Stored data entries:
-- Opening Marker --
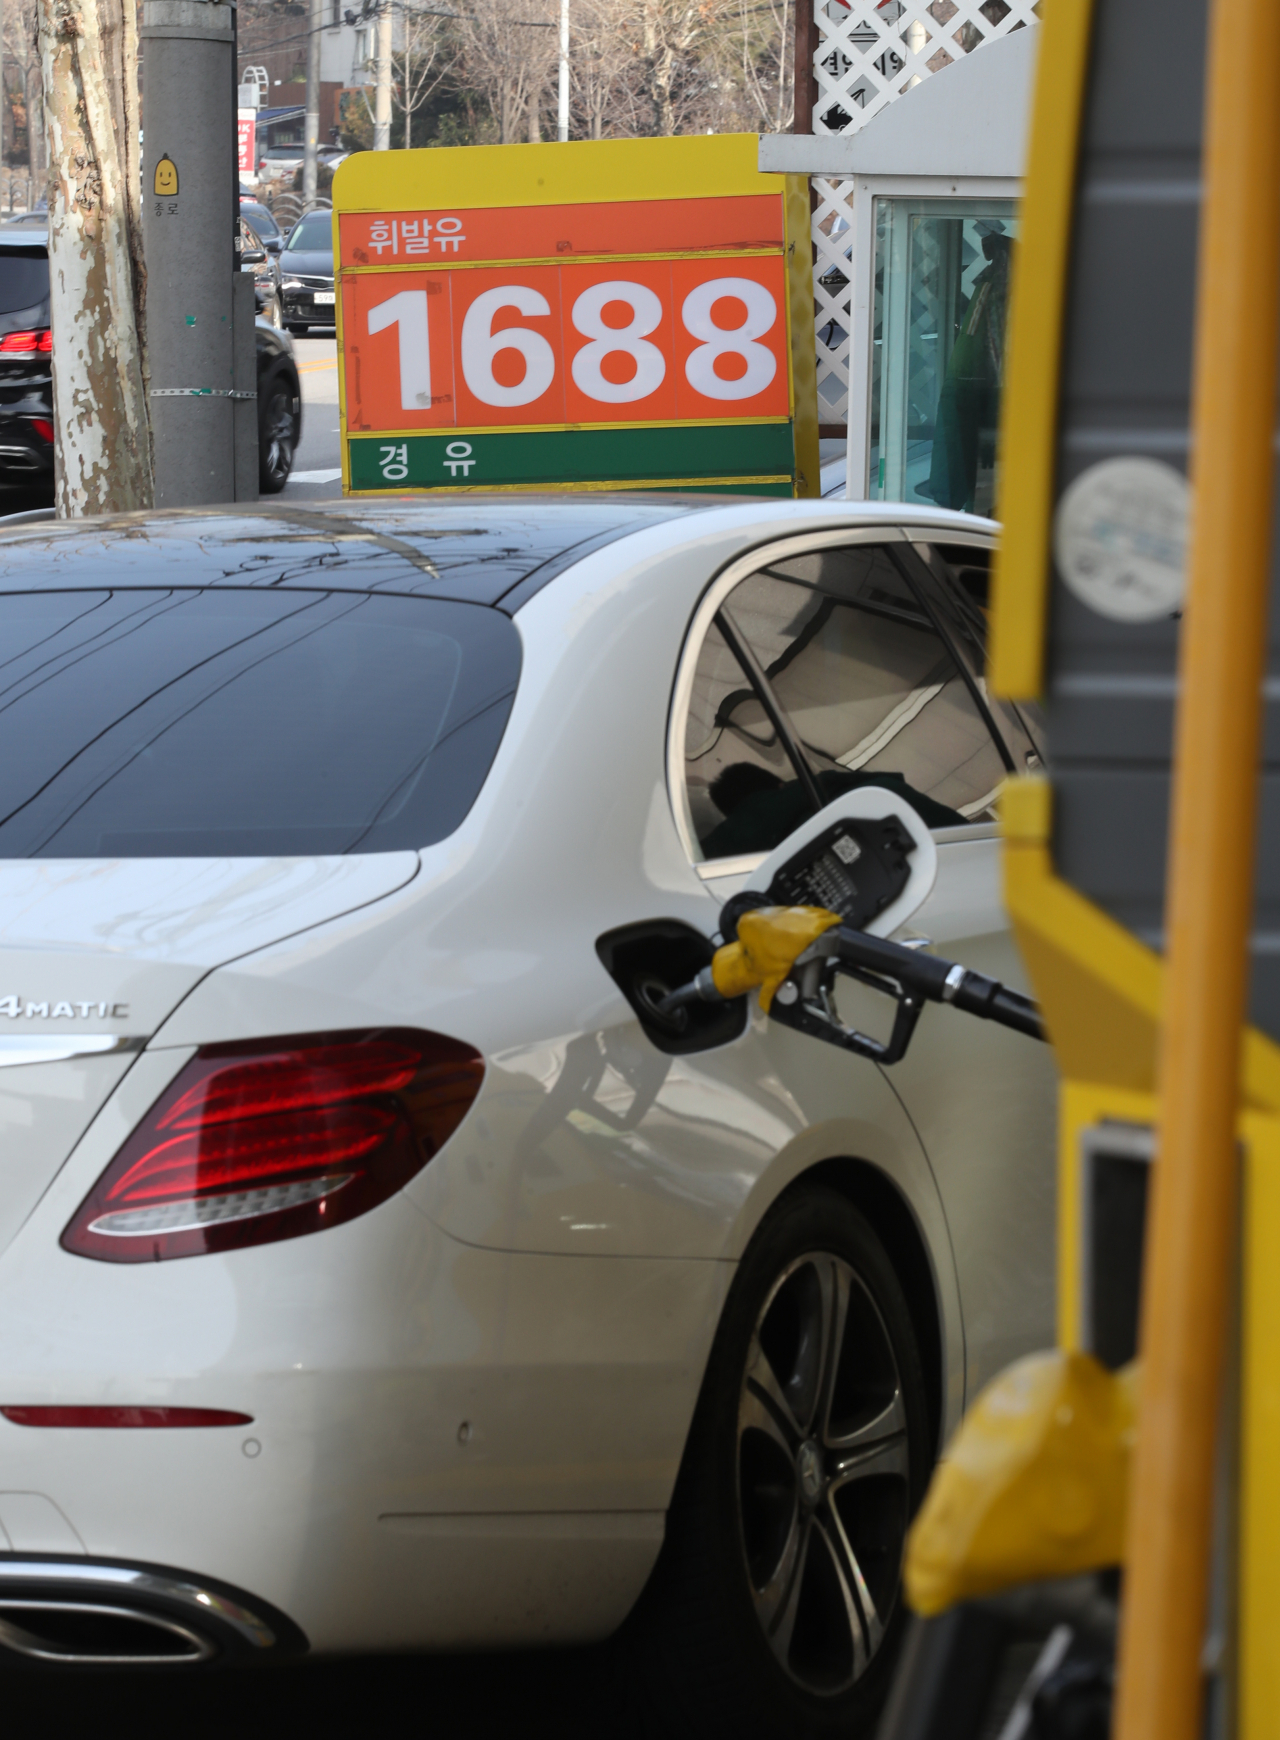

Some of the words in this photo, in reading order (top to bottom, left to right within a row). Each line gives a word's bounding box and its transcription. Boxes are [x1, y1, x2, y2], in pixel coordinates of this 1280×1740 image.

[154, 202, 179, 217] 종로
[368, 217, 466, 255] 휘발유
[367, 277, 777, 410] 1688
[0, 995, 130, 1019] 4MATIC
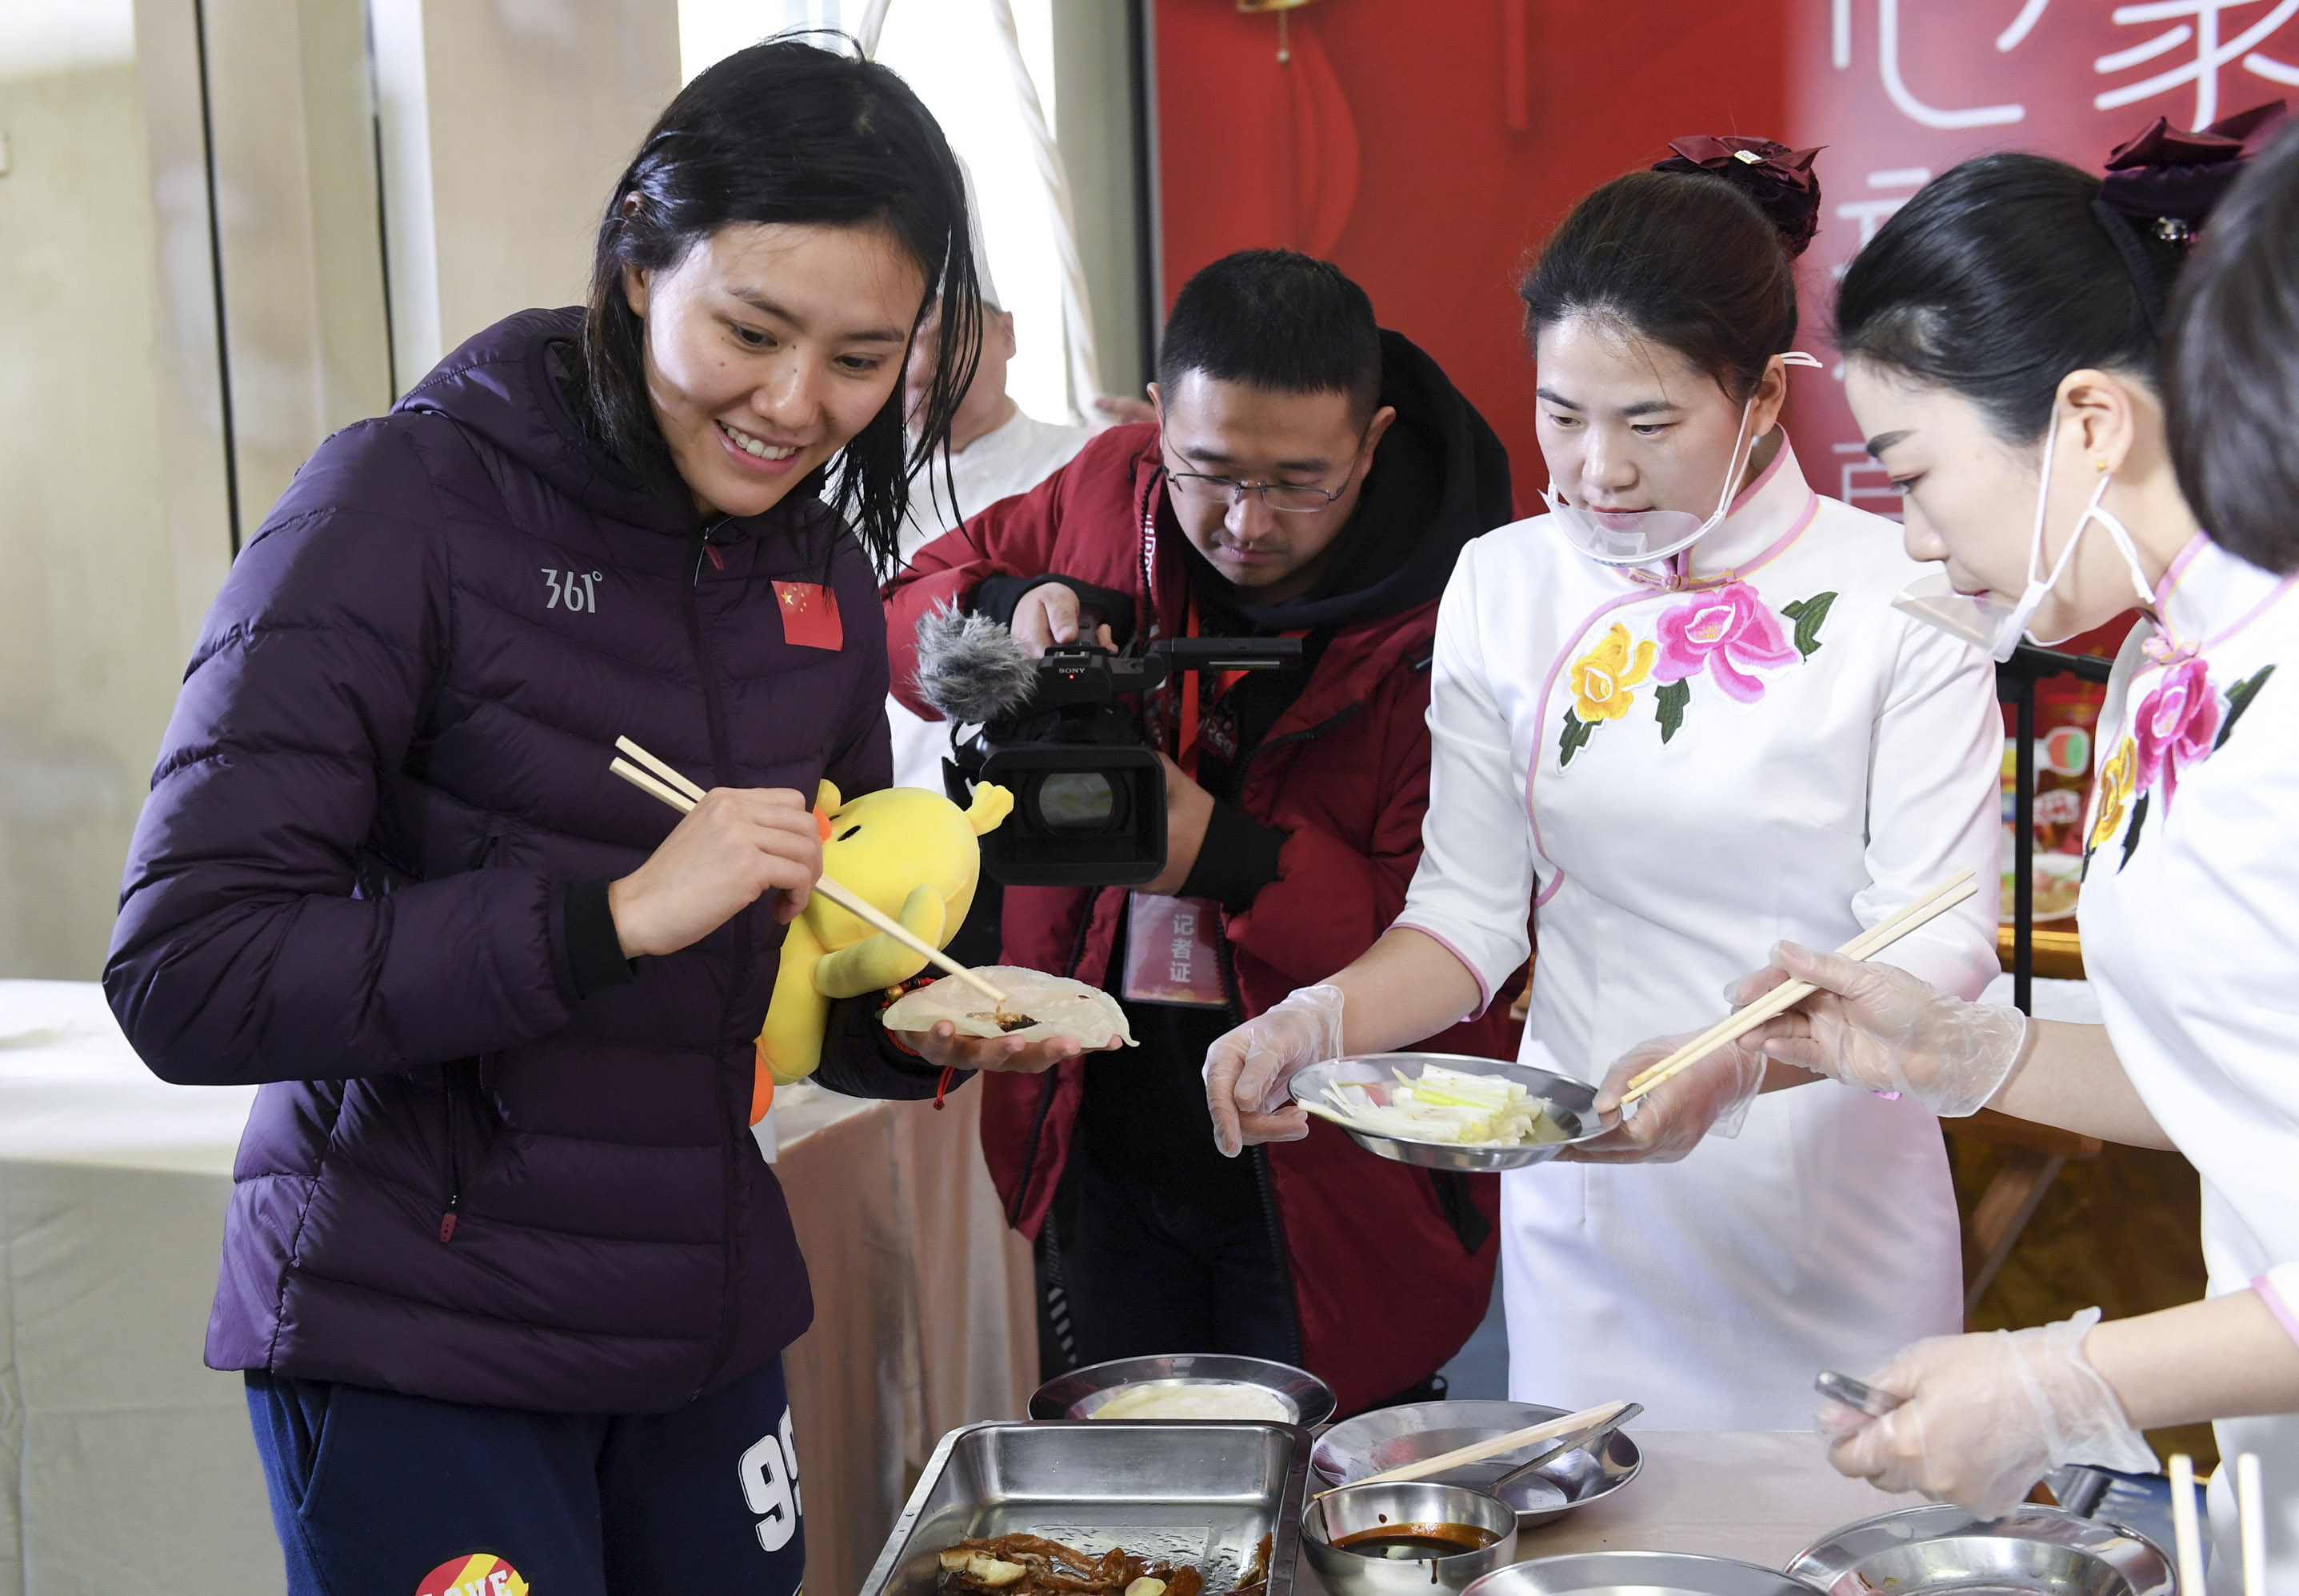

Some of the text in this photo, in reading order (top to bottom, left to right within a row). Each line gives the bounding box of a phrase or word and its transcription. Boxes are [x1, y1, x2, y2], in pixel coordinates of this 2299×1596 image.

[541, 568, 603, 614] 361°
[1169, 914, 1194, 983] 记者证
-- Closing Marker --
* Instructions to follow: Begin with the line containing "Some of the text" and repeat each line exactly until the records above end.

* Your solution:
Some of the text in this photo, in reading order (top to bottom, left to right within a row). Each line gives the bounding box of a phrase or word and its transcription. Boxes are [x1, y1, x2, y2], in pixel coordinates of this 2299×1596 image.

[541, 568, 603, 614] 361°
[1169, 914, 1194, 983] 记者证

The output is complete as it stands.